The design forms part of a complex product, and the complex product’s appearance depends on the design;

The use is for repair purposes, to restore a complex product in its original appearance; and

The public is not misled over the product’s origin.

The concept of using spare parts for repair purposes continues under the recently introduced IP Law.

The new IP Law extends the scope of exceptions further, to include a list of spare parts which the Ministry of Science, Industry and Technology will announce annually (article 59/5, IP Law). Therefore, if the ministry specifies a particular design in its list, use of the design will not be deemed to constitute design infringement, even within the first three years on the market.

Legislation and disputes

In 2015, the Turkish government began allowing insurance companies to supply certified equivalent spare parts to their clients, as laid out in a communiqué.

From June 1, 2015, local spare parts producers could apply to the Turkish Standards Institute for exclusive, two-year certification of their products. The institute would compare the spare parts with their equivalent original parts, in line with international standards.

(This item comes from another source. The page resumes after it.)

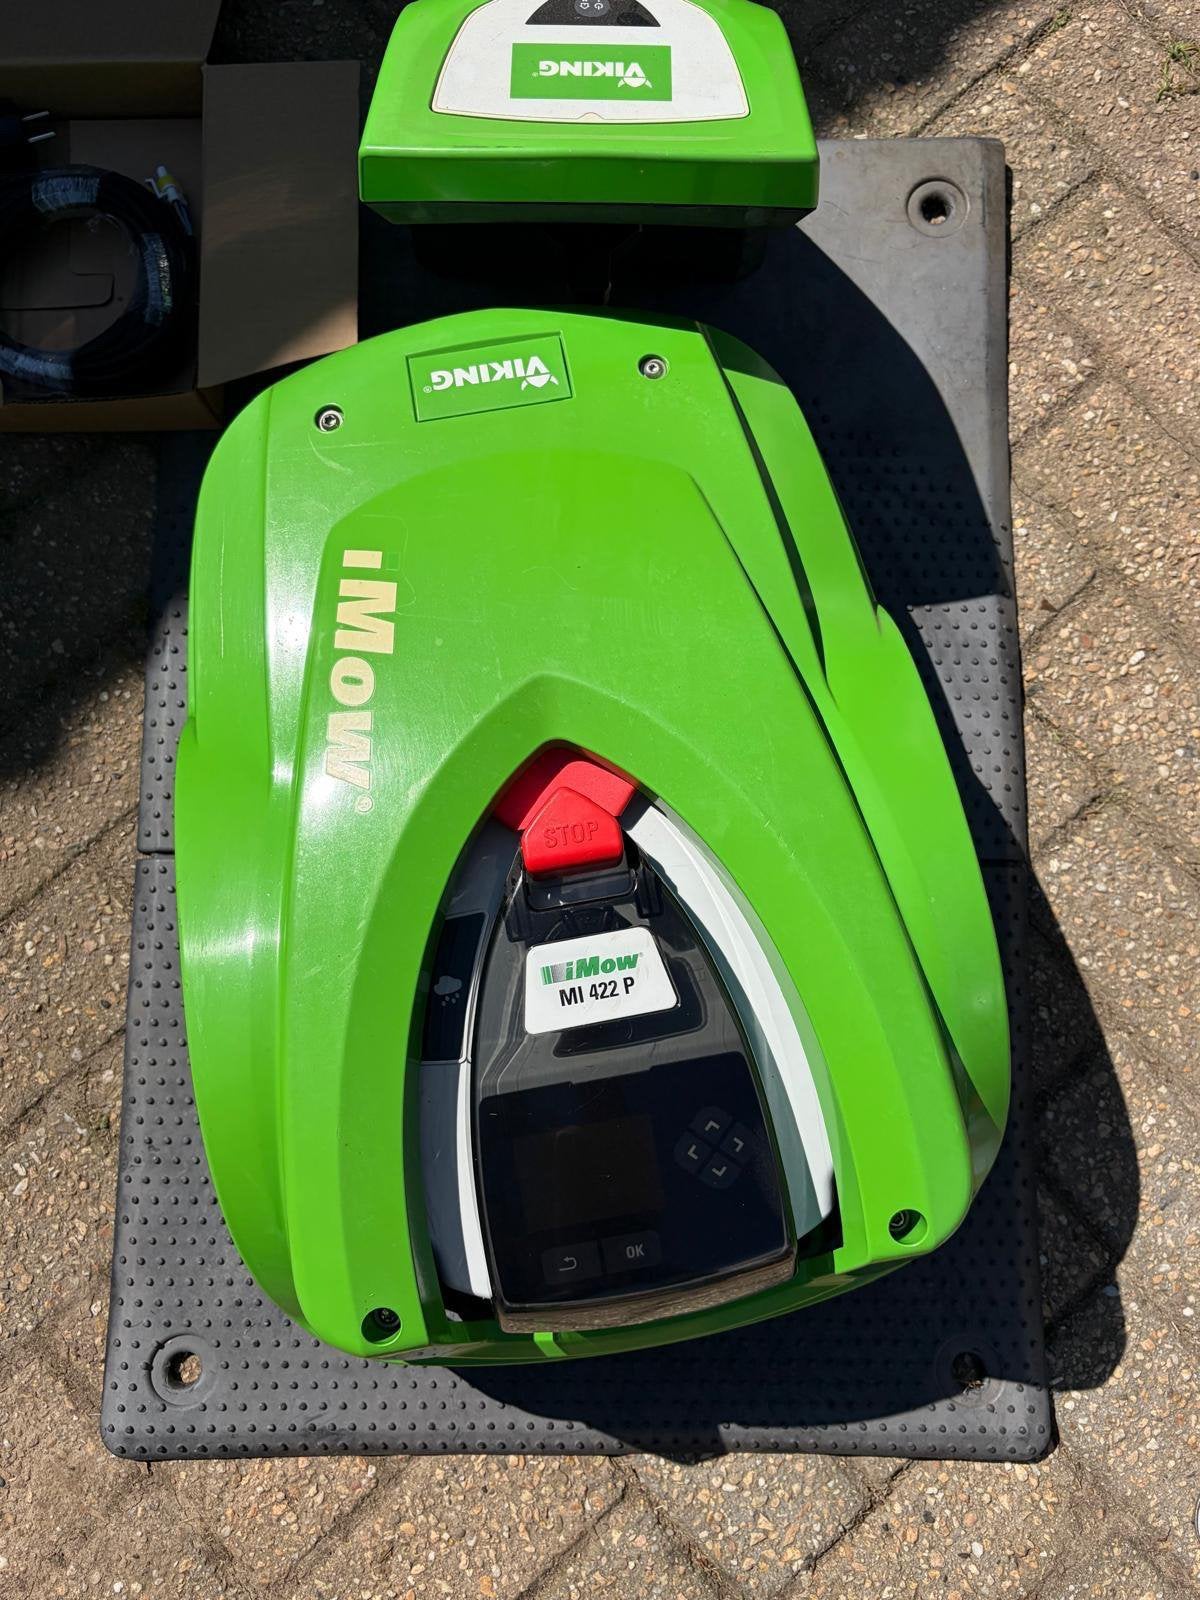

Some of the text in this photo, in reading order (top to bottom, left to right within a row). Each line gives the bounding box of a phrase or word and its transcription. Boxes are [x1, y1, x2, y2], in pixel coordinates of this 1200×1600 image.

[543, 820, 599, 849] STOP
[559, 976, 635, 1006] MI 422 P
[625, 1243, 645, 1259] OK

The institute’s examination process covers testing, laboratory examination and reporting, resulting in a certification that the part is a confirmed equivalent part. A new barcode and database system is also planned to monitor use of these parts.

Use of equivalent parts is also allowed within the General Conditions of Compulsory Motor Vehicles Liability Insurance.

 "If the ministry specifies a particular design in its list, use of the design will not be deemed to constitute design infringement."

However, an administrative action seeking cancellation of some provisions, including the provision allowing supply of equivalent parts, was filed against the General Conditions. Due to the ongoing action, Turkey’s Council of State suspended use of the equivalent parts provision in October 2016.

Despite suspending the provision, the interim decision clearly indicates that the institute continues to be entitled to accept and review certification applications, in line with the communiqué.

Amendments were made to the Insurance Law in January 2017, to the effect that the General Conditions will now include rules and procedures for using certified equivalent parts for repair, as well as related compensation (Omnibus Law No. 6770).

In effect, the Insurance Law amendments make equivalent parts available to the insurance market again, despite the Council of State’s interim decision to suspend this part of the General Conditions.

The communiqué and Omnibus Law are both limited to insurance companies. However, the general legislative trend suggests a wider policy intention to promote and encourage the use of equivalent parts in the wider automotive sector.

The institute has issued 65 certificates since June 2015. The government’s supportive policy and recent legislative changes suggest that a strong increase in these figures should be expected in the near future.